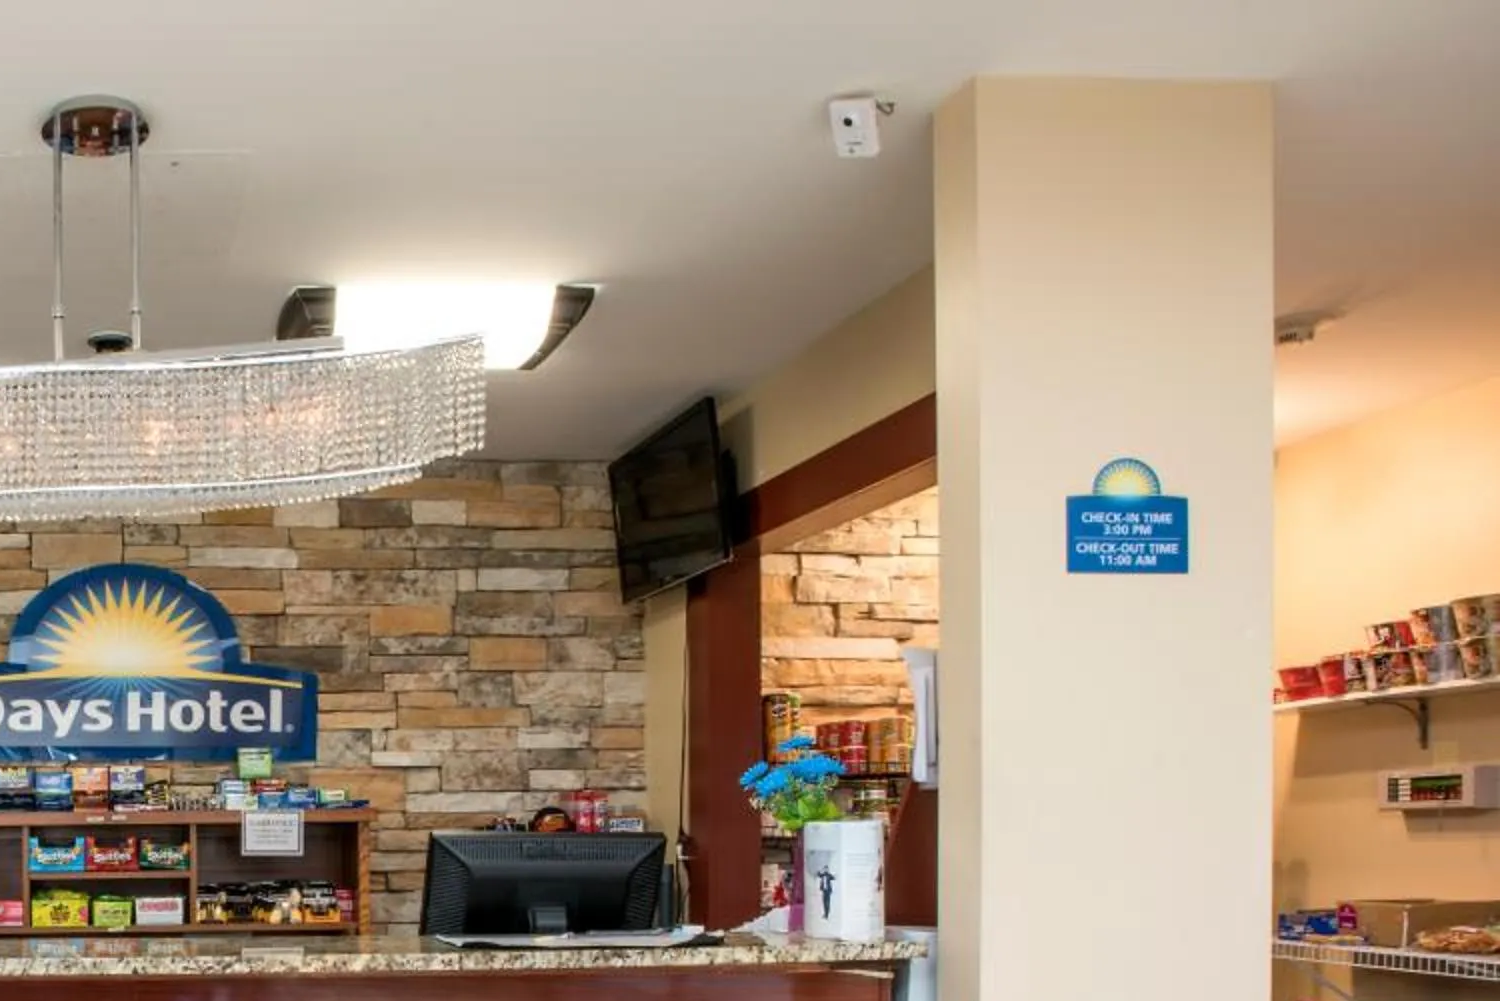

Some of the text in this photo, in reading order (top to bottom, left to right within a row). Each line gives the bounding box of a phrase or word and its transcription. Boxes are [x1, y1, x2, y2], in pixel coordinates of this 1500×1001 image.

[1081, 511, 1173, 524] CHECK-IN TIME
[1103, 524, 1153, 535] 3:00 PM
[1075, 542, 1179, 554] CHECK-OUT TIME
[1100, 555, 1157, 566] 11:00 AM
[127, 689, 283, 733] Hotel
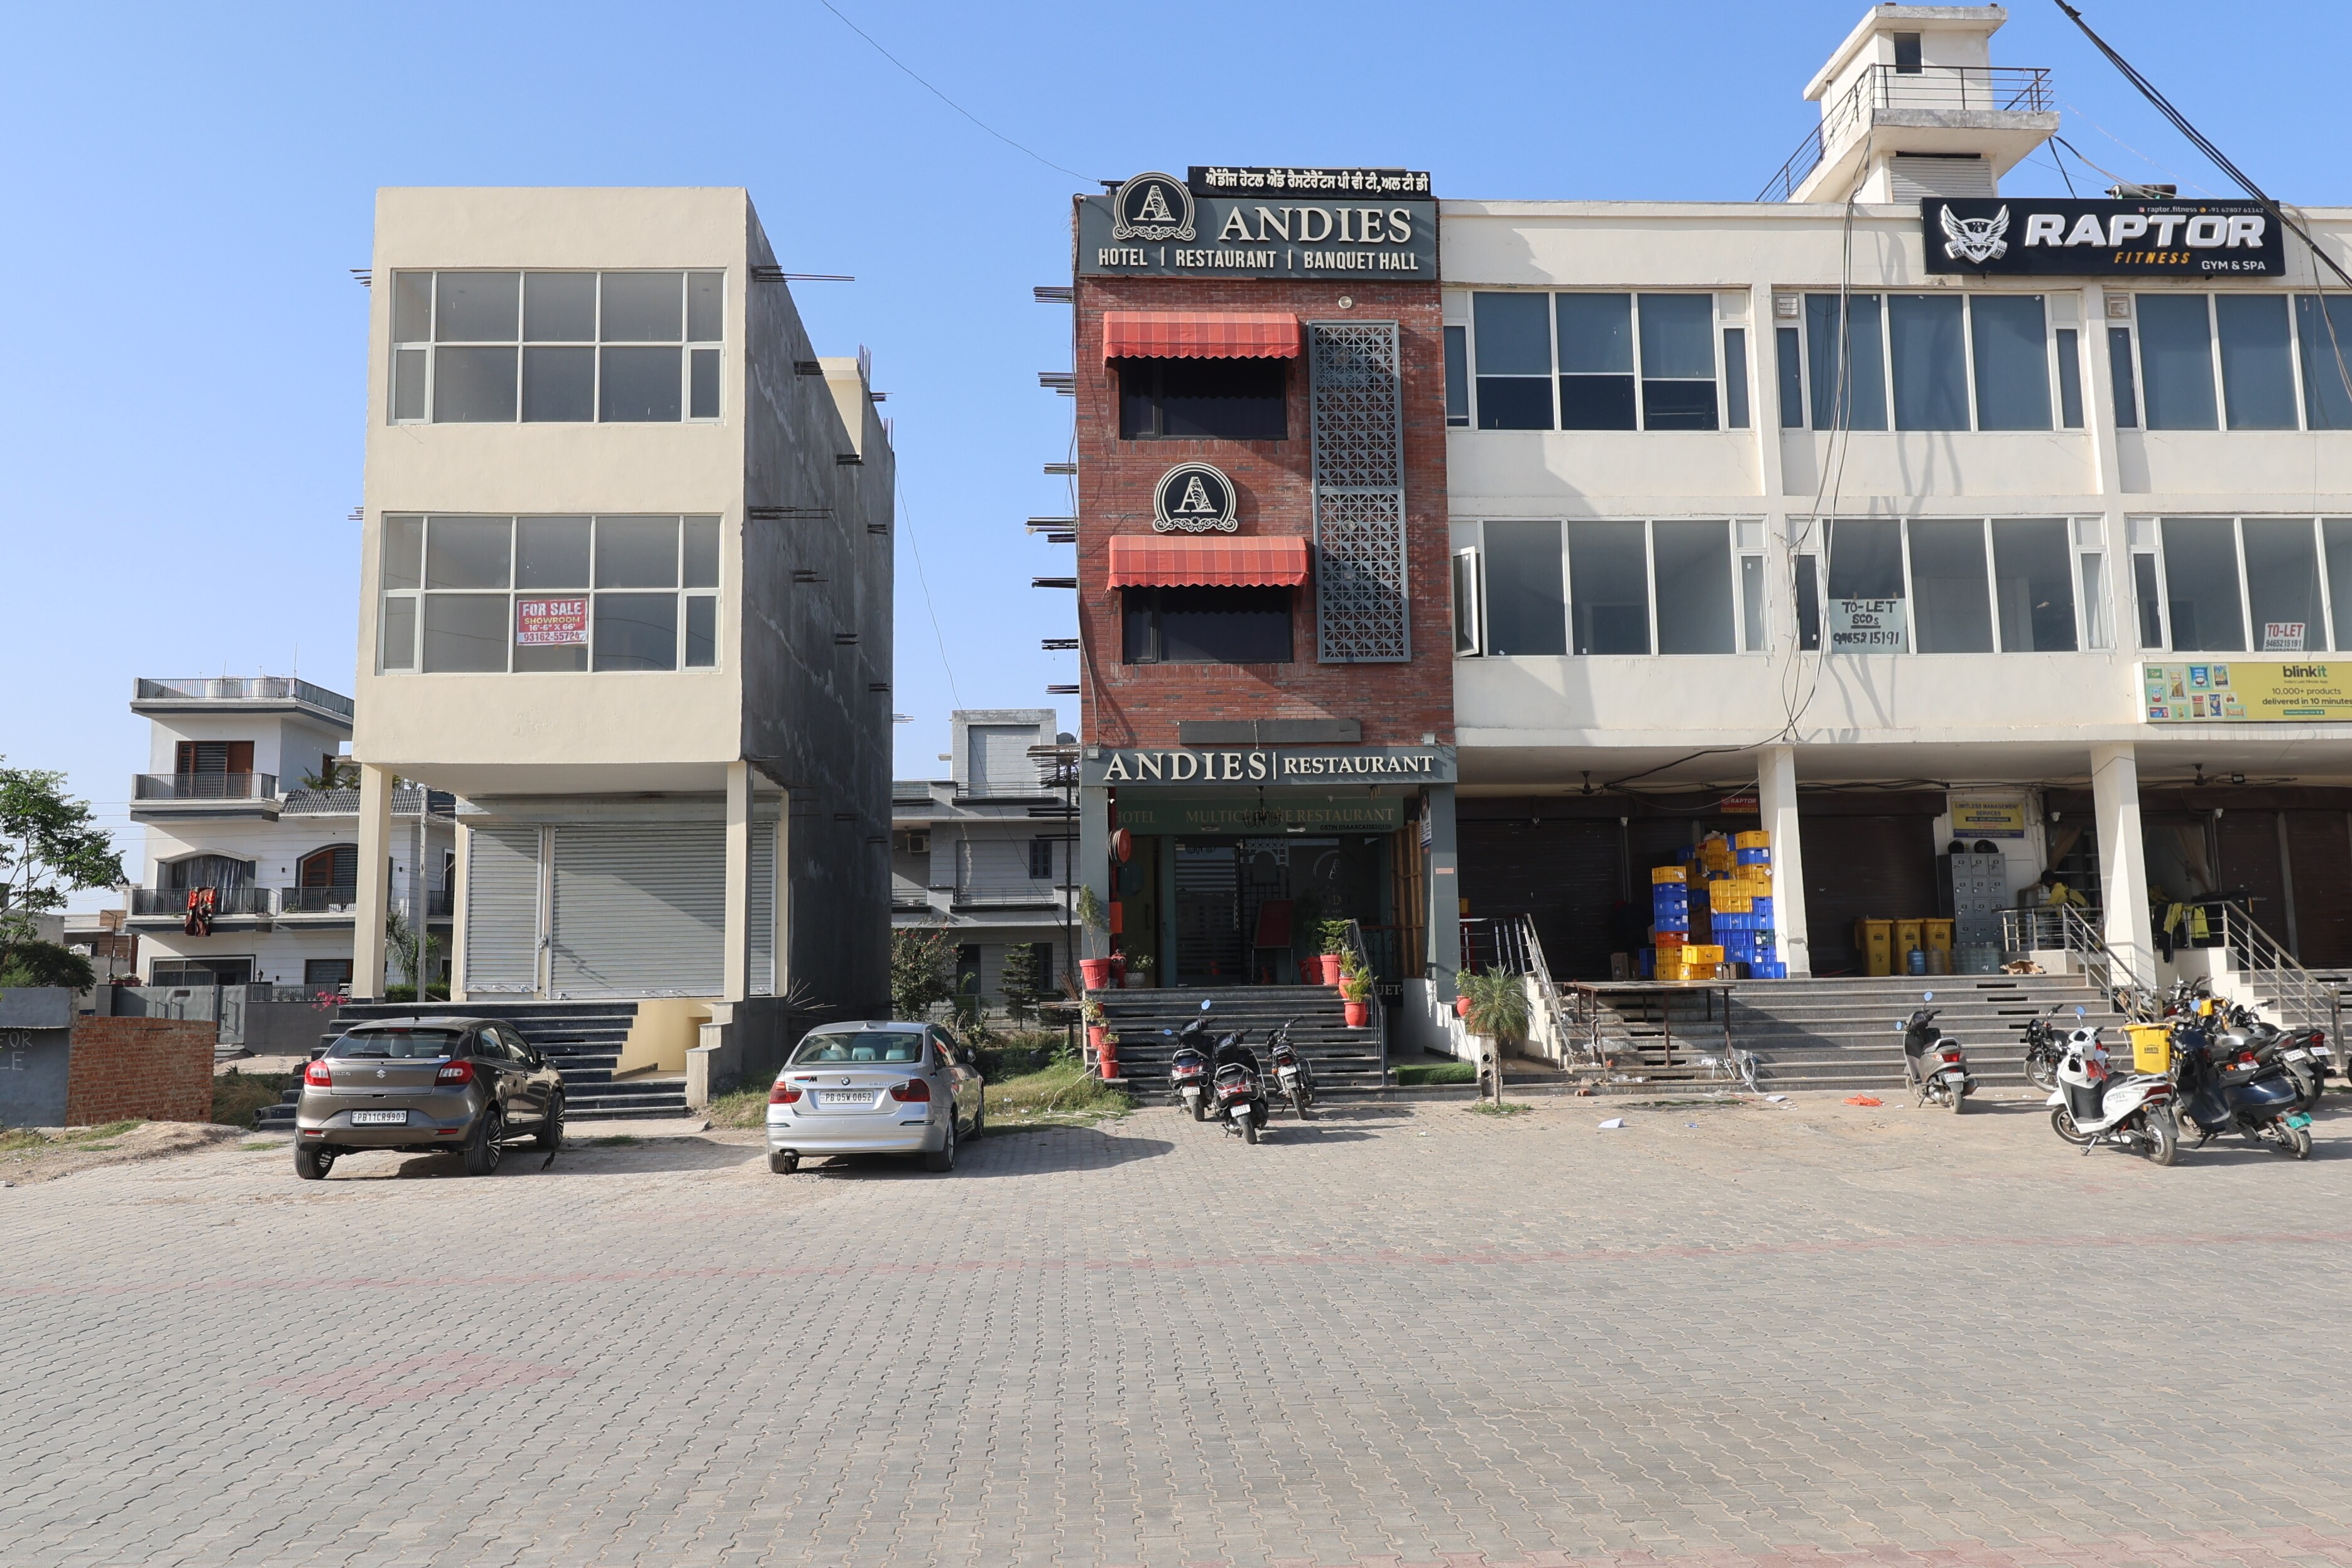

• **What to work on**:
The answer consists of the records repeated exactly, without any images.

• **Response**:
Some of the text in this photo, in reading order (top to bottom, left to right within a row). Each line gives the bounding box of a phrase or word and its transcription. Boxes are [x1, y1, x2, y2], in pixel coordinates of this 1500×1001 image.

[1081, 511, 1173, 524] CHECK-IN TIME
[1103, 524, 1153, 535] 3:00 PM
[1075, 542, 1179, 554] CHECK-OUT TIME
[1100, 555, 1157, 566] 11:00 AM
[127, 689, 283, 733] Hotel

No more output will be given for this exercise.